▶ _Records provided_
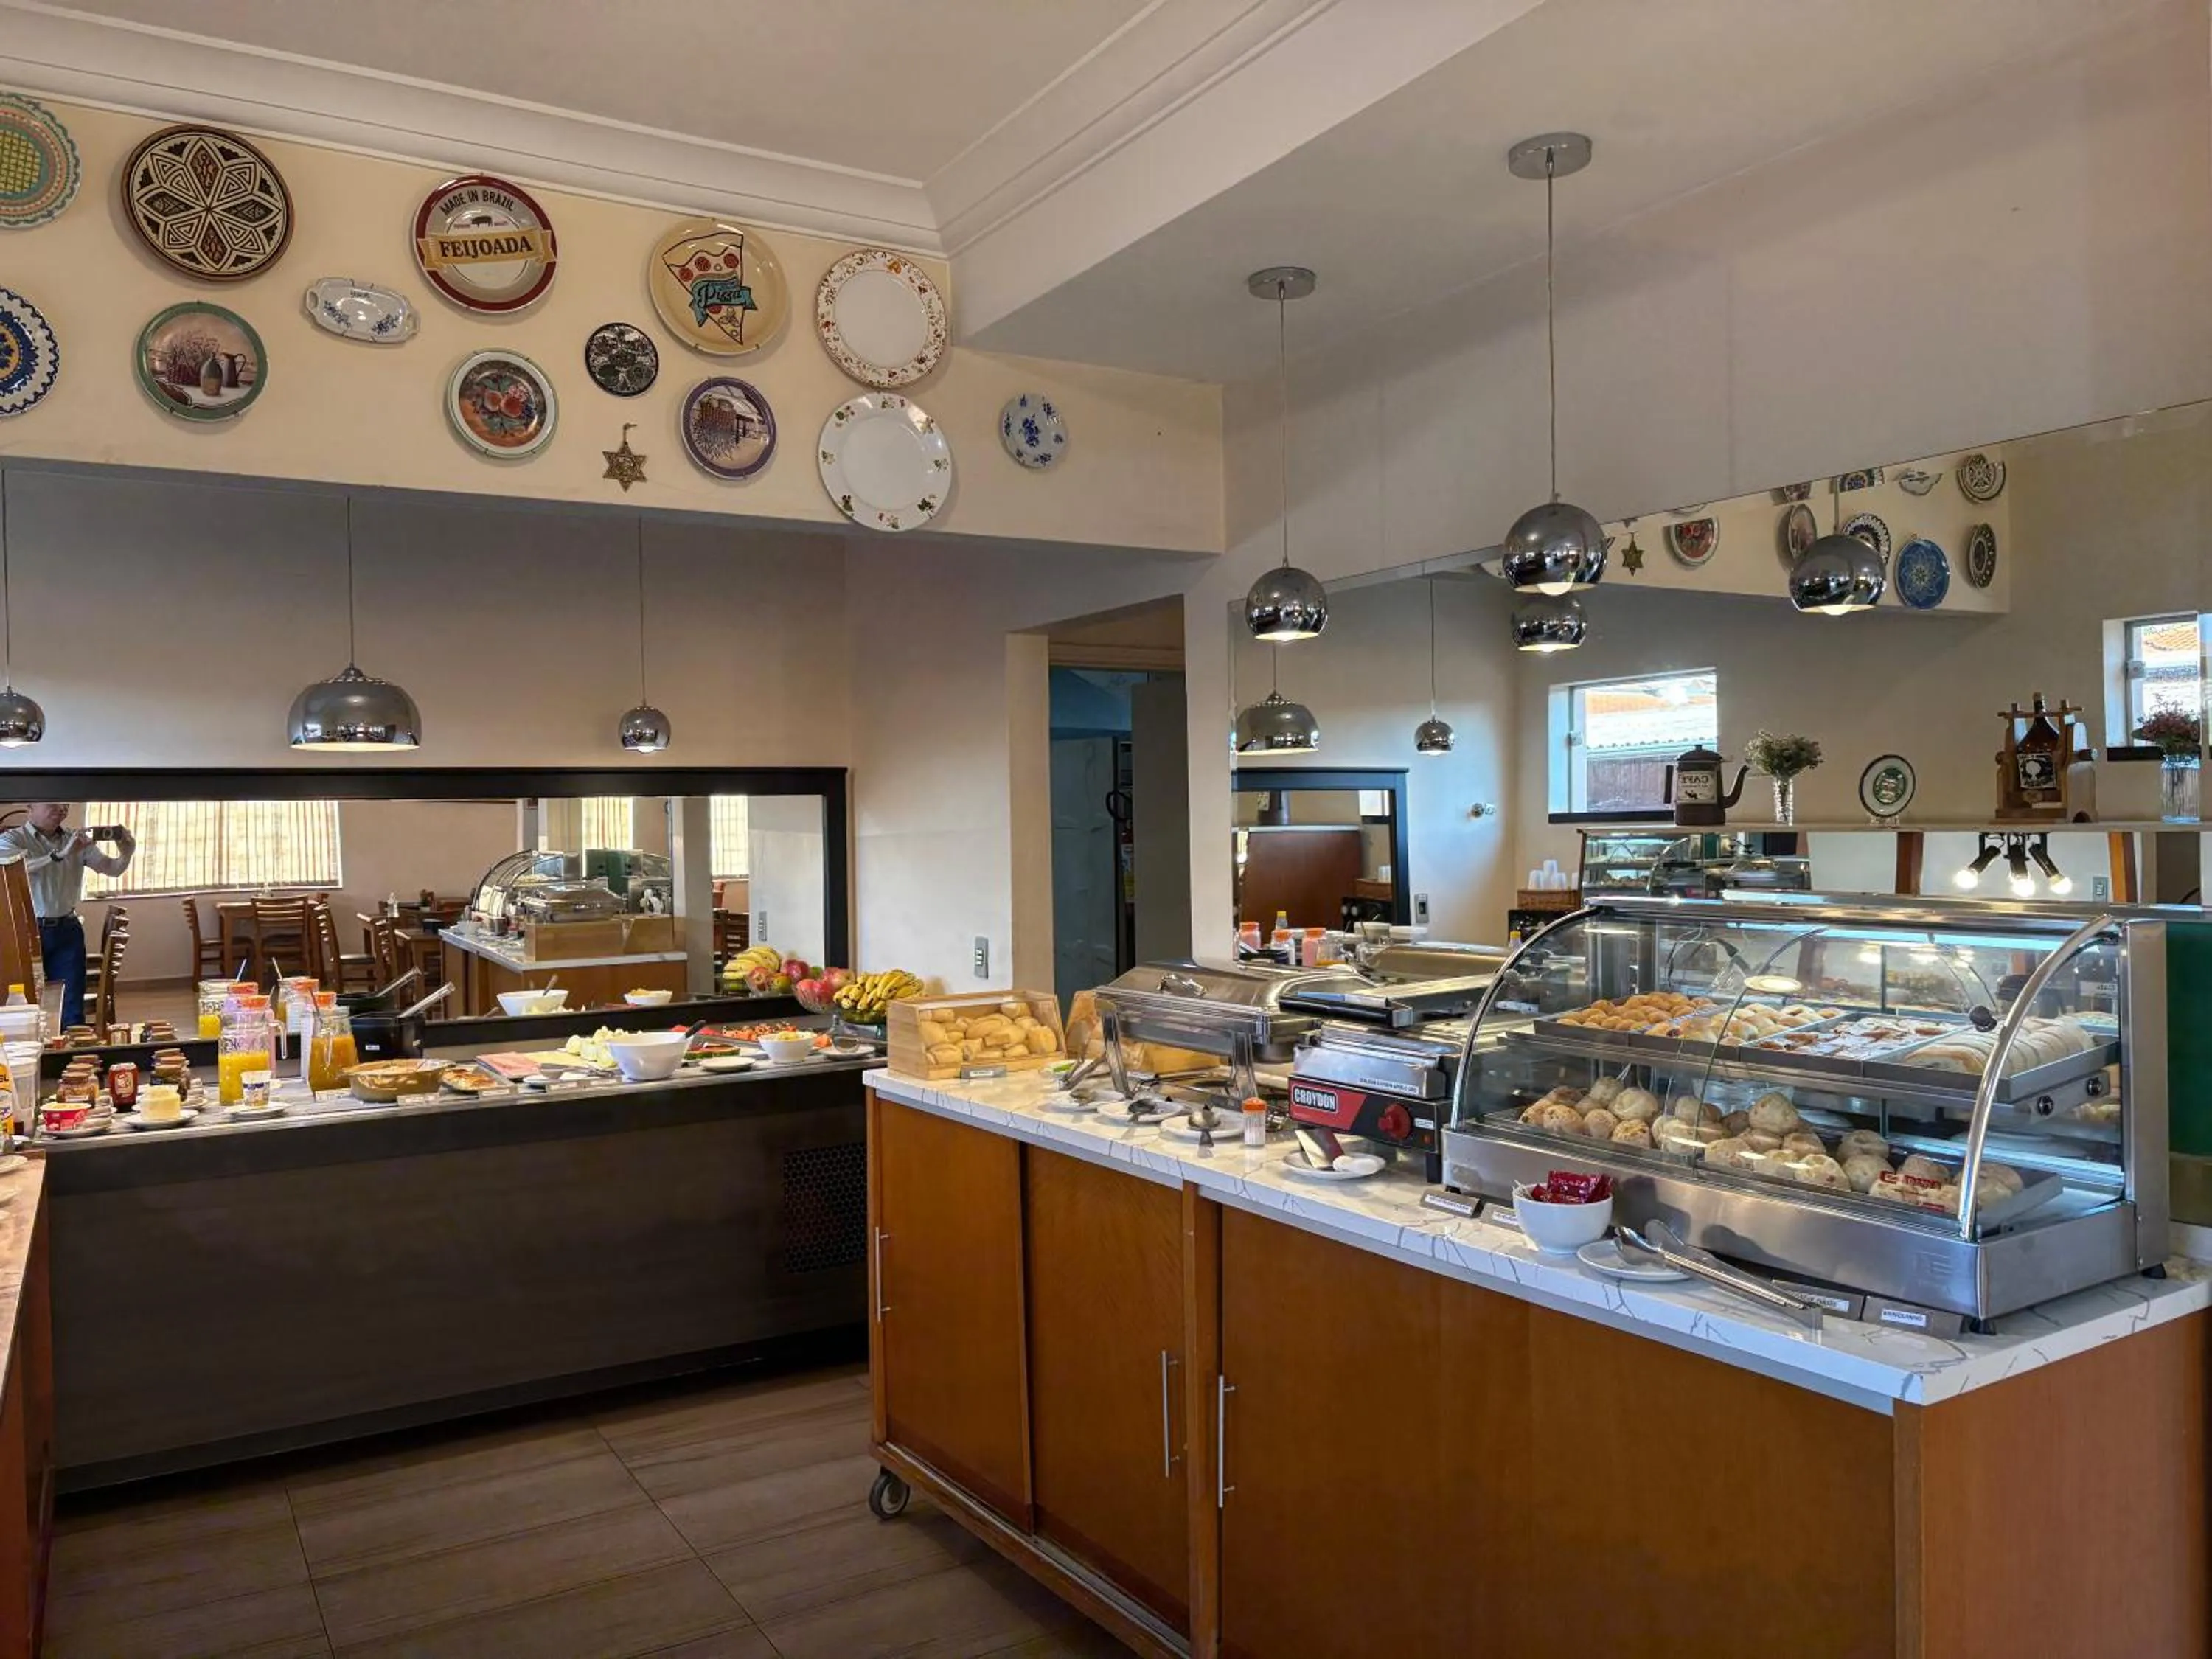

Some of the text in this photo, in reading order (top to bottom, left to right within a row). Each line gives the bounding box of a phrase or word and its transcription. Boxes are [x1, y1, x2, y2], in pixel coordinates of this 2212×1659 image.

[440, 190, 514, 215] MADE IN BRAZIL
[439, 237, 532, 258] FEIJOADA
[1294, 1088, 1335, 1110] CROYDON
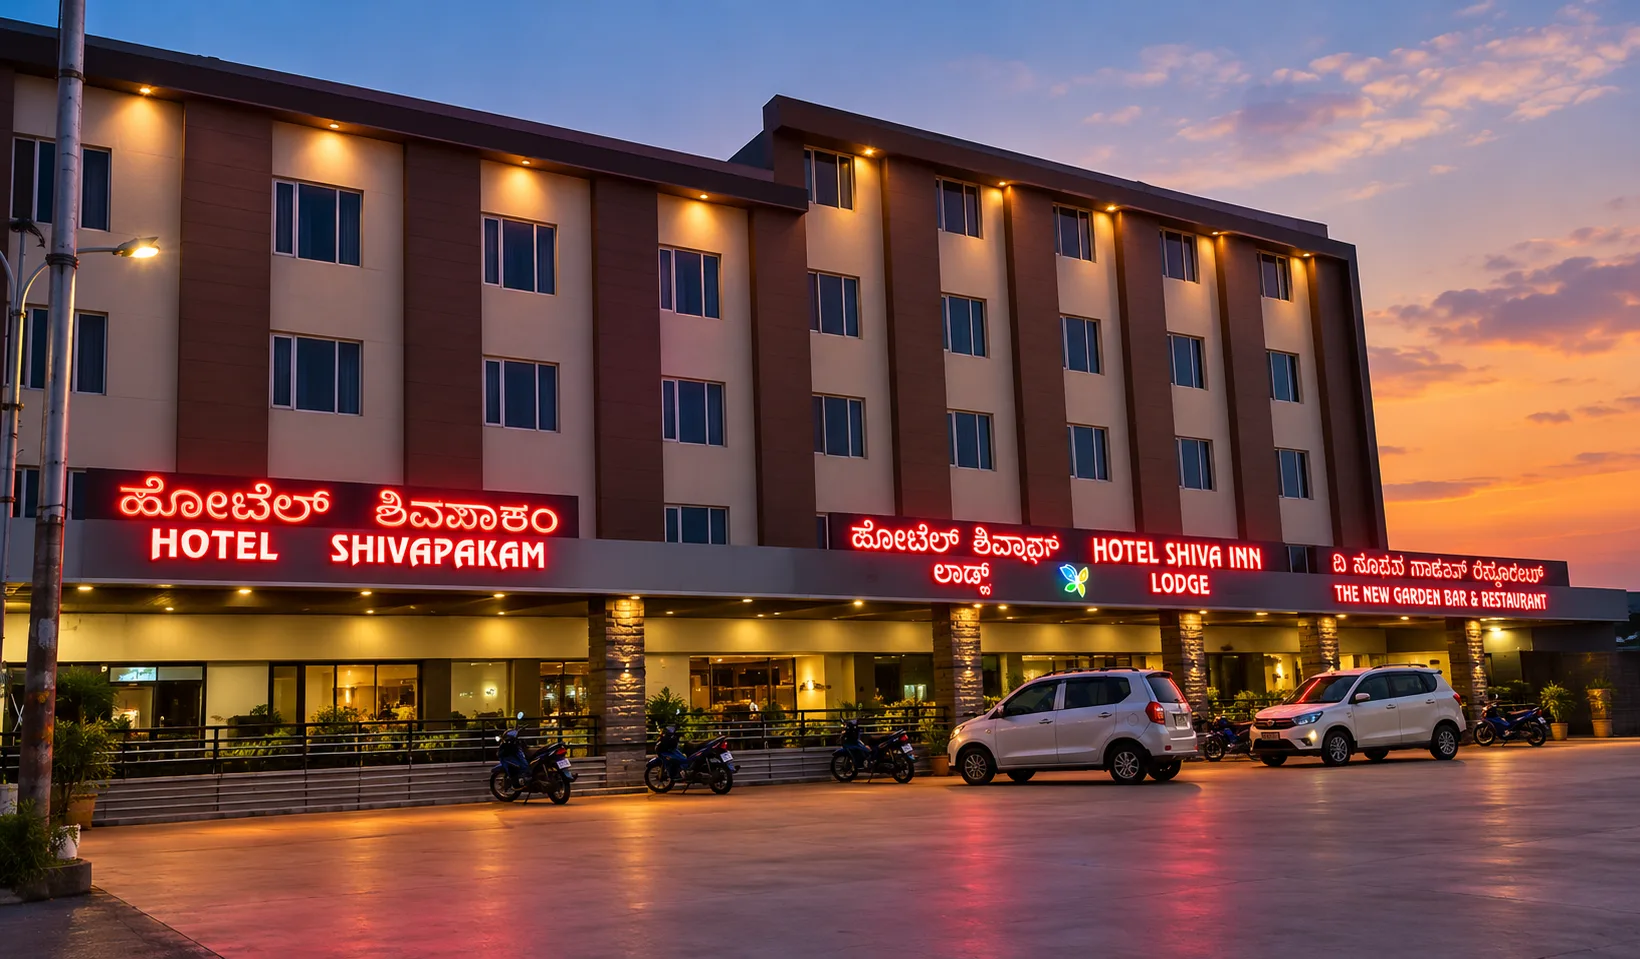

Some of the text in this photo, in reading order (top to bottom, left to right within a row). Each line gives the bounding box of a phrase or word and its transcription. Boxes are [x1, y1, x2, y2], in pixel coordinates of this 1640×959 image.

[120, 476, 330, 523] ಹೋಟೆಲ್
[151, 527, 545, 570] HOTEL SHIVAPAKAM
[851, 519, 960, 553] ಹೋಟೆಲ್
[1093, 537, 1262, 570] HOTEL SHIVA INN
[1151, 572, 1211, 595] LODGE
[1334, 584, 1547, 611] THE NEW GARDEN BAR & RESTAURANT
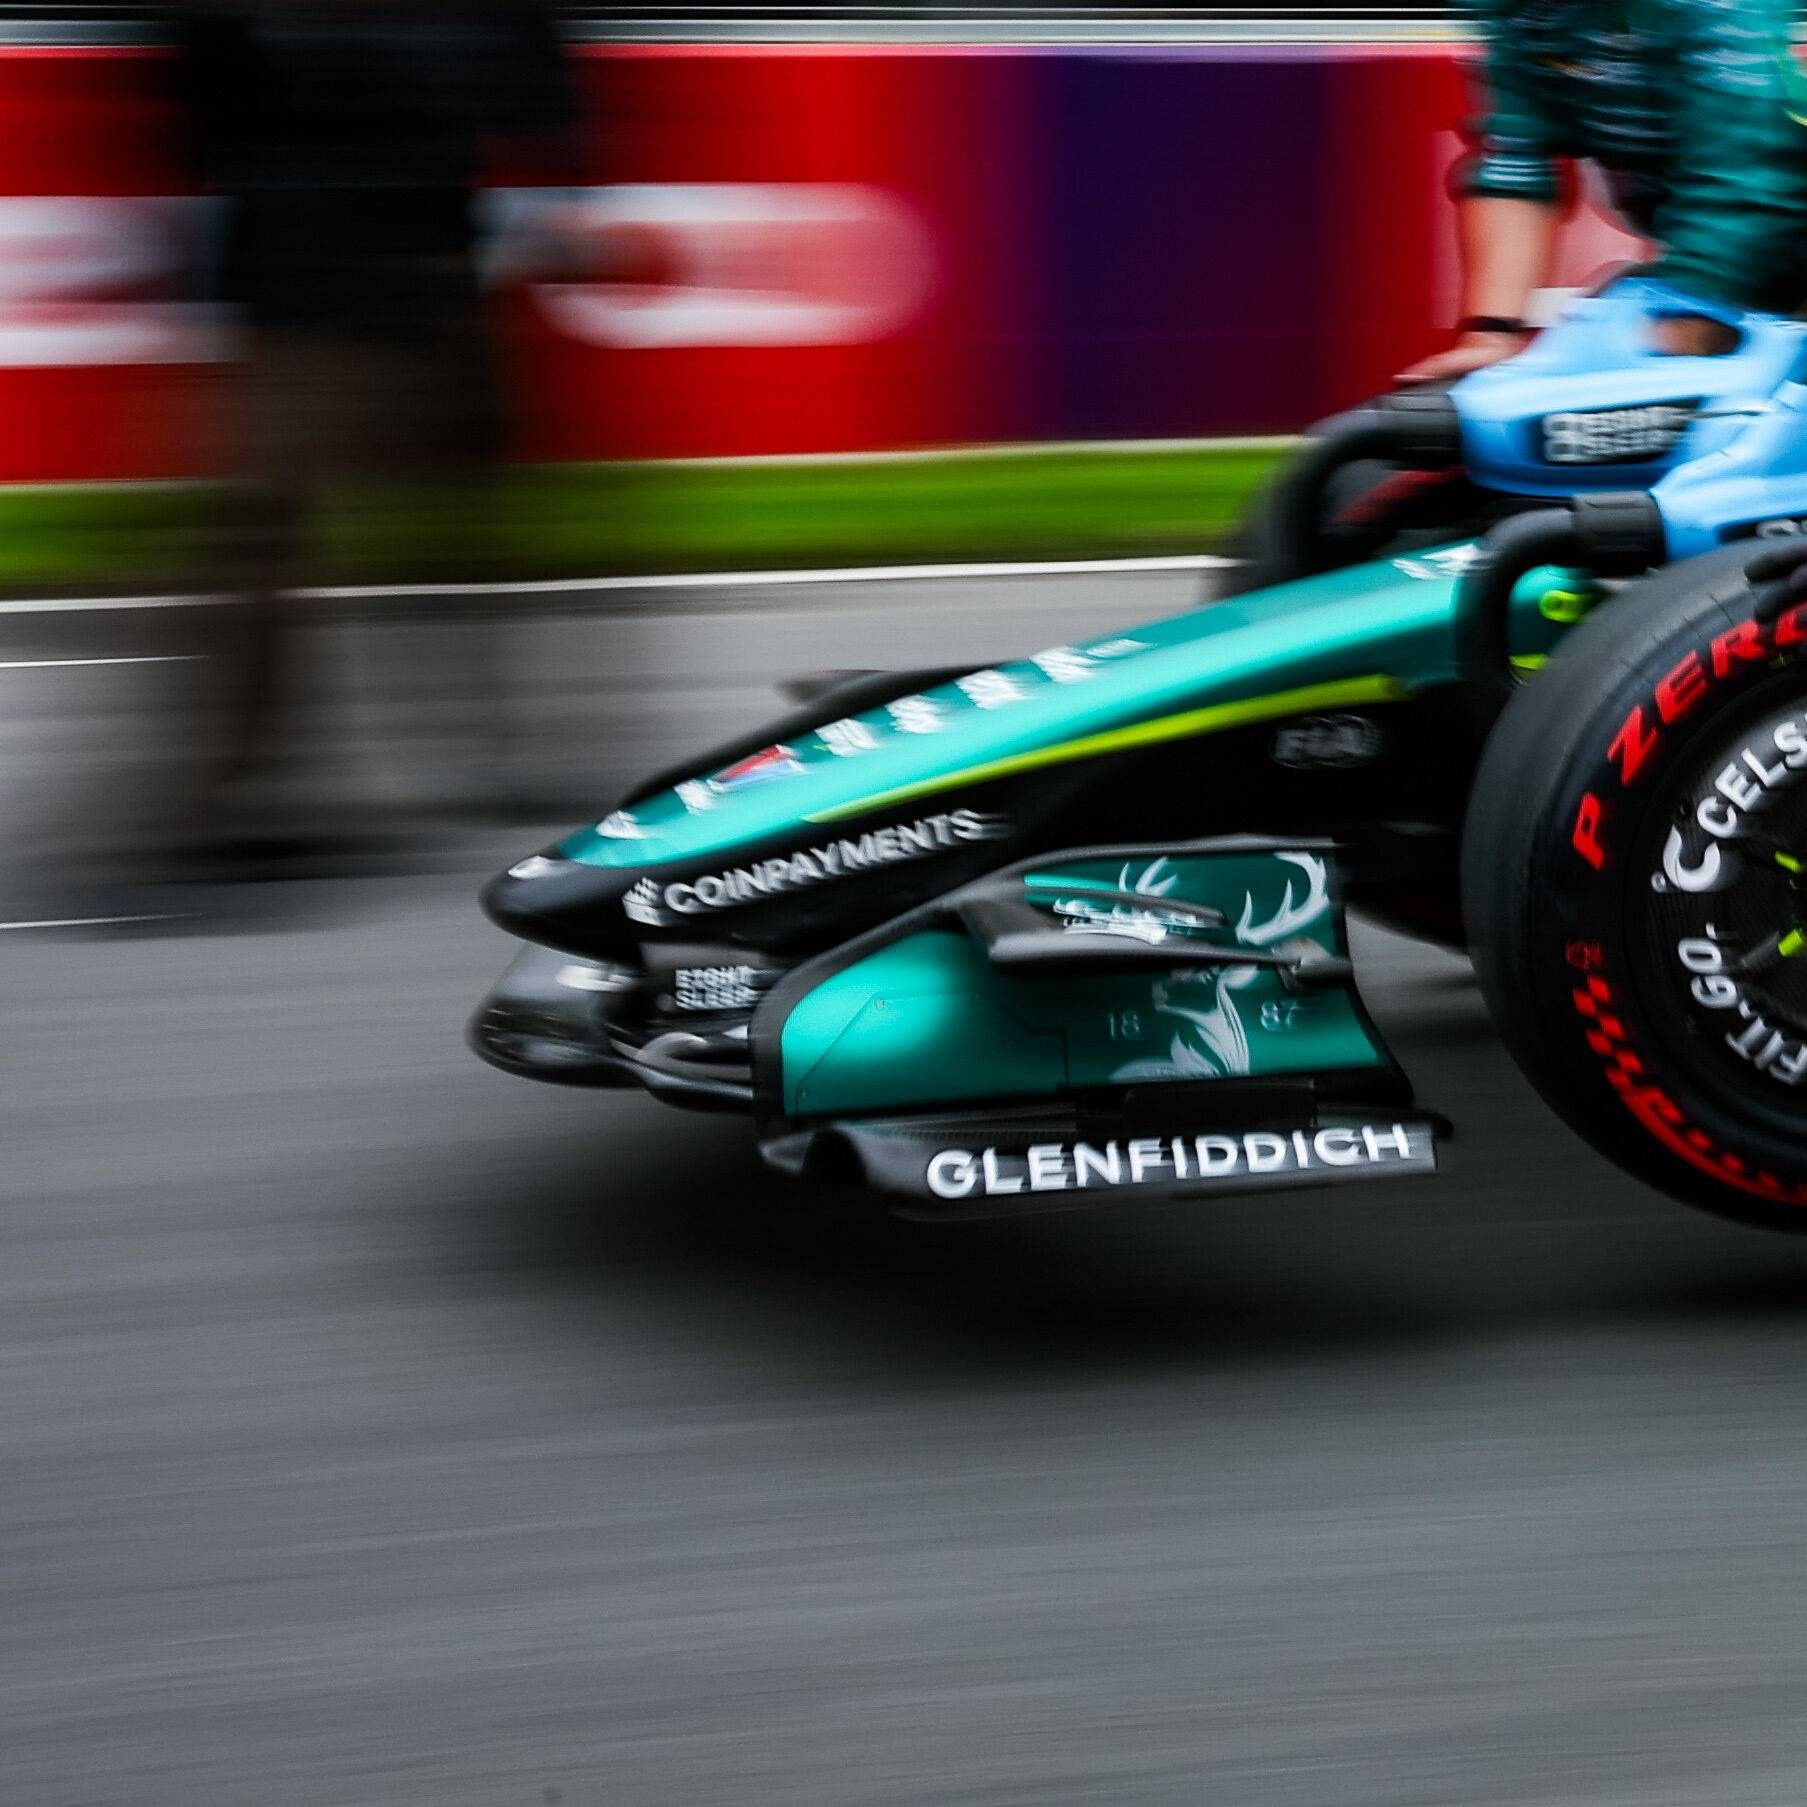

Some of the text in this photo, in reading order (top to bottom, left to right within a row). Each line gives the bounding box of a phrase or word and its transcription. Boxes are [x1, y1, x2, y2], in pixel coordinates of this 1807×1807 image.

[664, 808, 988, 914] COINPAYMENTS
[1570, 792, 1606, 871] P
[1106, 999, 1299, 1042] 18 87
[926, 1123, 1412, 1198] GLENFIDDICH

▶ _What to produce_
Output exactly the lines from the one containing "this 1640×959 image." through the last line of the records above, both included, and leave out the pictures.

▶ _Written response_
Some of the text in this photo, in reading order (top to bottom, left to right within a row). Each line gives the bounding box of a phrase or word and its transcription. Boxes are [x1, y1, x2, y2], in pixel coordinates of this 1640×959 image.

[120, 476, 330, 523] ಹೋಟೆಲ್
[151, 527, 545, 570] HOTEL SHIVAPAKAM
[851, 519, 960, 553] ಹೋಟೆಲ್
[1093, 537, 1262, 570] HOTEL SHIVA INN
[1151, 572, 1211, 595] LODGE
[1334, 584, 1547, 611] THE NEW GARDEN BAR & RESTAURANT

Some of the text in this photo, in reading order (top to bottom, left to right within a row). Each line gives the bounding box of a phrase or word and its transcription. Boxes are [x1, y1, x2, y2], in pixel coordinates of this 1807×1807 image.

[664, 808, 988, 914] COINPAYMENTS
[1570, 792, 1606, 871] P
[1106, 999, 1299, 1042] 18 87
[926, 1123, 1412, 1198] GLENFIDDICH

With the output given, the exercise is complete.